The Point-In-Time count is a national campaign where cities across the country attempt to count the homeless population in their communities, according to a South Plains Homeless Consortium, which helped lead Lubbock’s count back in January and recently compiled the data.
“Once the surveys were completed, they were sent to the Texas Homeless Network to ensure the data was complete and not duplicated,” said Ashley Ammons, president of the SPHC. “The Point-in-Time count is a snapshot of homelessness in our community on that particular day. Many factors can play a role in the number of folks who can actually be counted that day.”

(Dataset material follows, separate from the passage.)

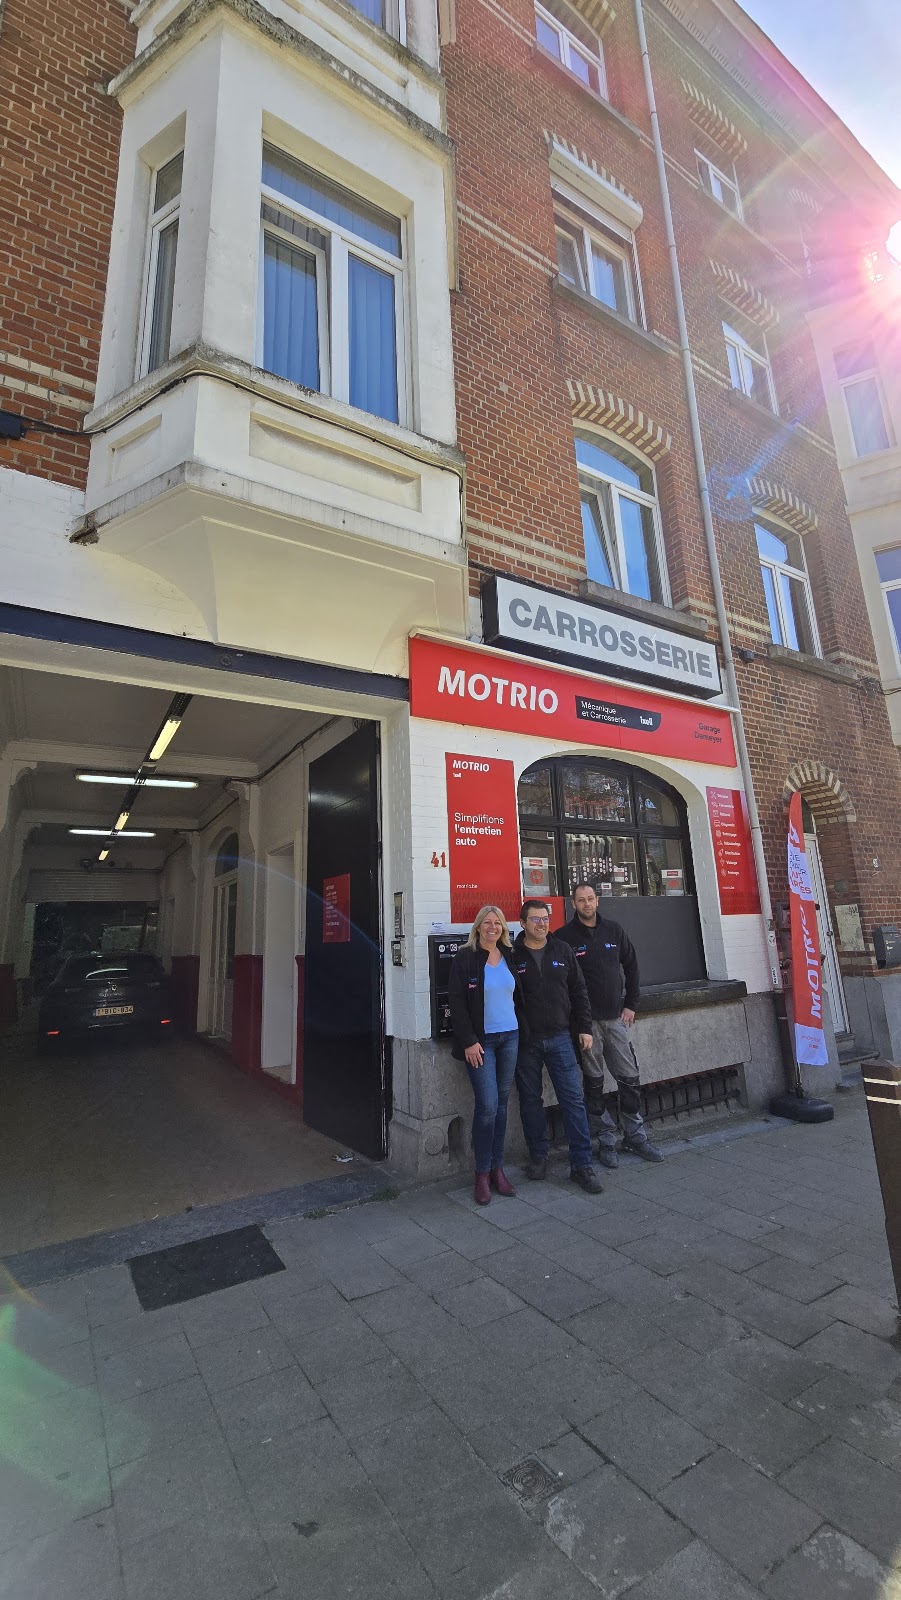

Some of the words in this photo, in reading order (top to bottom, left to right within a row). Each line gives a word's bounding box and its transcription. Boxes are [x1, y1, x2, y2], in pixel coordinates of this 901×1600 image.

Even though the counted number of homeless people decreased from 333 in 2018 to 293 in 2019, the number of homeless children increased from 26 to 42 during the same period.
“The majority of the children counted in the 2019 Point-in-Time were staying at Women’s Protective Services the night of the count,” said Ammons. “Children were also staying at The Salvation Army of Lubbock and Family Promise. Now, while the total number of homeless individuals decreased in 2019, the fluctuation of people staying in our local emergency shelters and transitional housing programs can impact the make-up of the count significantly.”
Organizers with the count said domestic violence continues to be one of the most common experiences among people facing homelessness.
There was a 50 percent decrease in the number of homeless veterans - from 27 in 2018 to 12 in 2019.
“The more than 50 (percent) drop in veteran homelessness that is reflected in this year’s annual Point-In-Time Count is a direct result of our community providers and the community as a whole coming together to help us locate, identify and get these homeless veterans to our doors where we can provide housing services,” said Cory Lucas with VetStar in Lubbock.
Of the total number of homeless people, the count showed 54 percent were male, 45 percent were female and 1 percent identified as transgender. About 71 percent were white and 23 percent were black, with 34 percent identifying as Hispanic/Latino.